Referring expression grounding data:
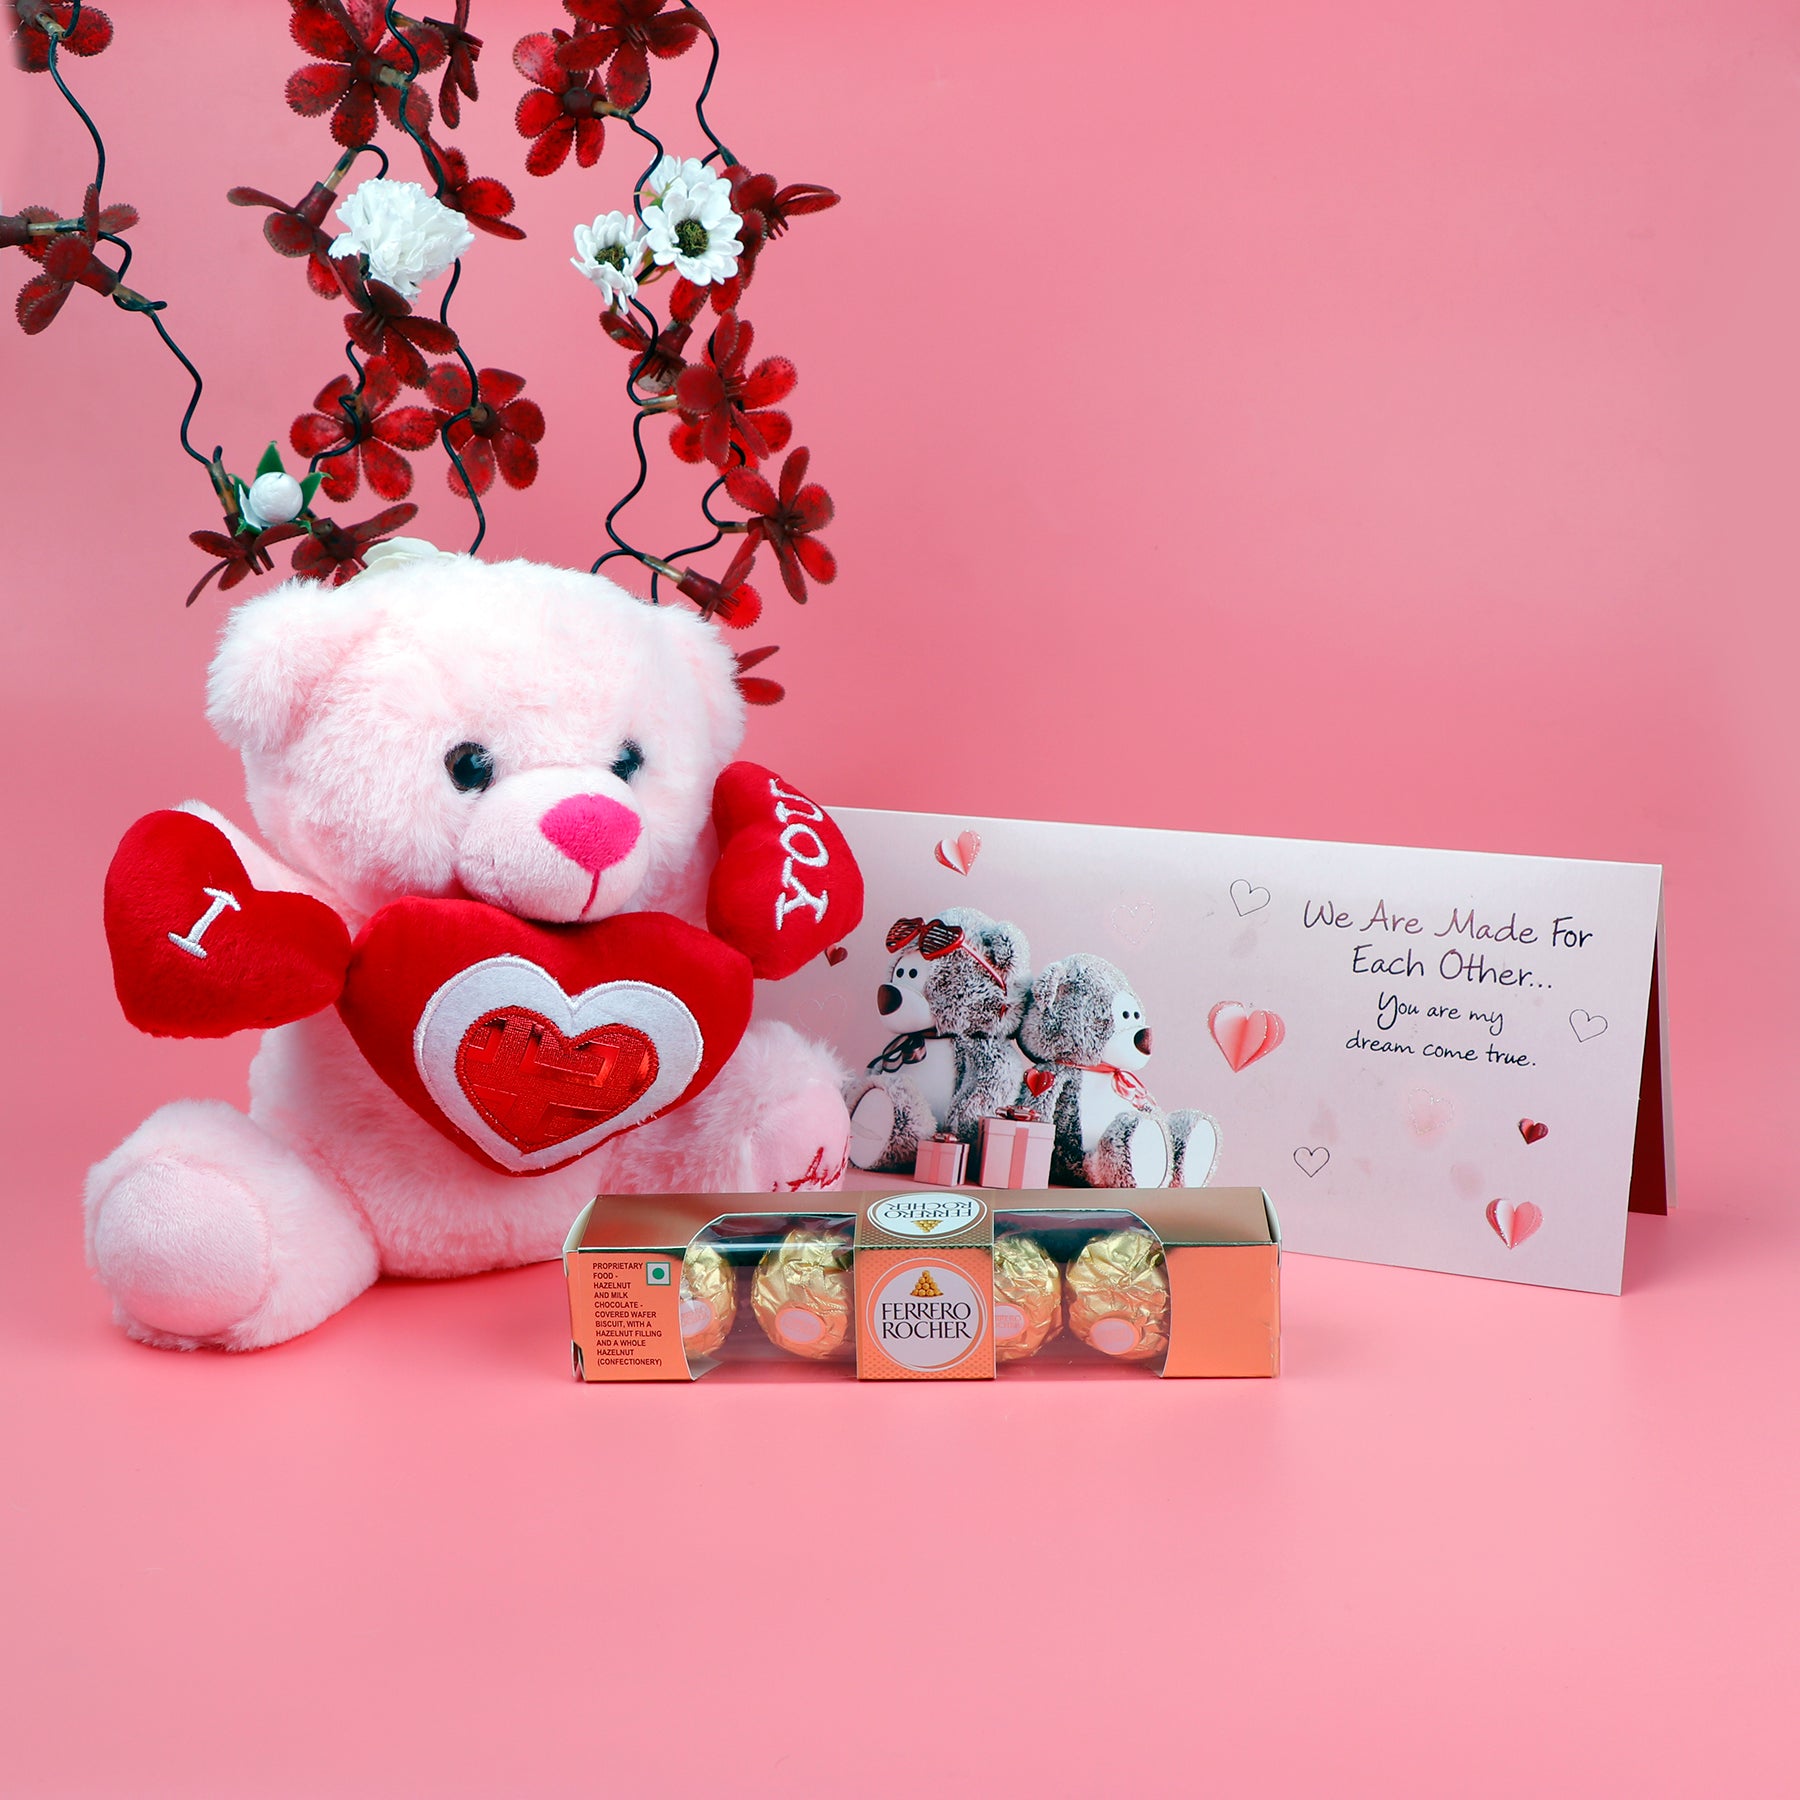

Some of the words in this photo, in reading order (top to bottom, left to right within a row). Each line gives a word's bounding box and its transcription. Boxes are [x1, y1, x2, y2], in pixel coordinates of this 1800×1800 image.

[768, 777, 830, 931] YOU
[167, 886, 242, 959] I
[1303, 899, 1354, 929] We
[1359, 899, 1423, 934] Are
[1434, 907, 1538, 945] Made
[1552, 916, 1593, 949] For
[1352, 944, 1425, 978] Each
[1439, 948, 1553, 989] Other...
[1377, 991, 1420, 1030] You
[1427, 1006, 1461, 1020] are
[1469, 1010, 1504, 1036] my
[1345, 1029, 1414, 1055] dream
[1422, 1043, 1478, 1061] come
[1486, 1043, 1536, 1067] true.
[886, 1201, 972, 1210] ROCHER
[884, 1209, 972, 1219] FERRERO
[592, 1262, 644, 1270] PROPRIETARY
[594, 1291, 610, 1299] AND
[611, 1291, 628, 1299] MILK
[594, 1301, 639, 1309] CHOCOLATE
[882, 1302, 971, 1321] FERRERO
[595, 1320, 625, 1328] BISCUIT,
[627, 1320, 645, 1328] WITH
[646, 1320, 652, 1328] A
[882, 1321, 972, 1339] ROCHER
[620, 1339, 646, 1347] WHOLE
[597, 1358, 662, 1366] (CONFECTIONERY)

#### TASK INSTRUCTIONS:
Go through the entries and retype each one exactly, skipping any image.

#### ANSWER TO THIS EXERCISE:
Some of the words in this photo, in reading order (top to bottom, left to right within a row). Each line gives a word's bounding box and its transcription. Boxes are [x1, y1, x2, y2], in pixel coordinates of this 1800×1800 image.

[768, 777, 830, 931] YOU
[167, 886, 242, 959] I
[1303, 899, 1354, 929] We
[1359, 899, 1423, 934] Are
[1434, 907, 1538, 945] Made
[1552, 916, 1593, 949] For
[1352, 944, 1425, 978] Each
[1439, 948, 1553, 989] Other...
[1377, 991, 1420, 1030] You
[1427, 1006, 1461, 1020] are
[1469, 1010, 1504, 1036] my
[1345, 1029, 1414, 1055] dream
[1422, 1043, 1478, 1061] come
[1486, 1043, 1536, 1067] true.
[886, 1201, 972, 1210] ROCHER
[884, 1209, 972, 1219] FERRERO
[592, 1262, 644, 1270] PROPRIETARY
[594, 1291, 610, 1299] AND
[611, 1291, 628, 1299] MILK
[594, 1301, 639, 1309] CHOCOLATE
[882, 1302, 971, 1321] FERRERO
[595, 1320, 625, 1328] BISCUIT,
[627, 1320, 645, 1328] WITH
[646, 1320, 652, 1328] A
[882, 1321, 972, 1339] ROCHER
[620, 1339, 646, 1347] WHOLE
[597, 1358, 662, 1366] (CONFECTIONERY)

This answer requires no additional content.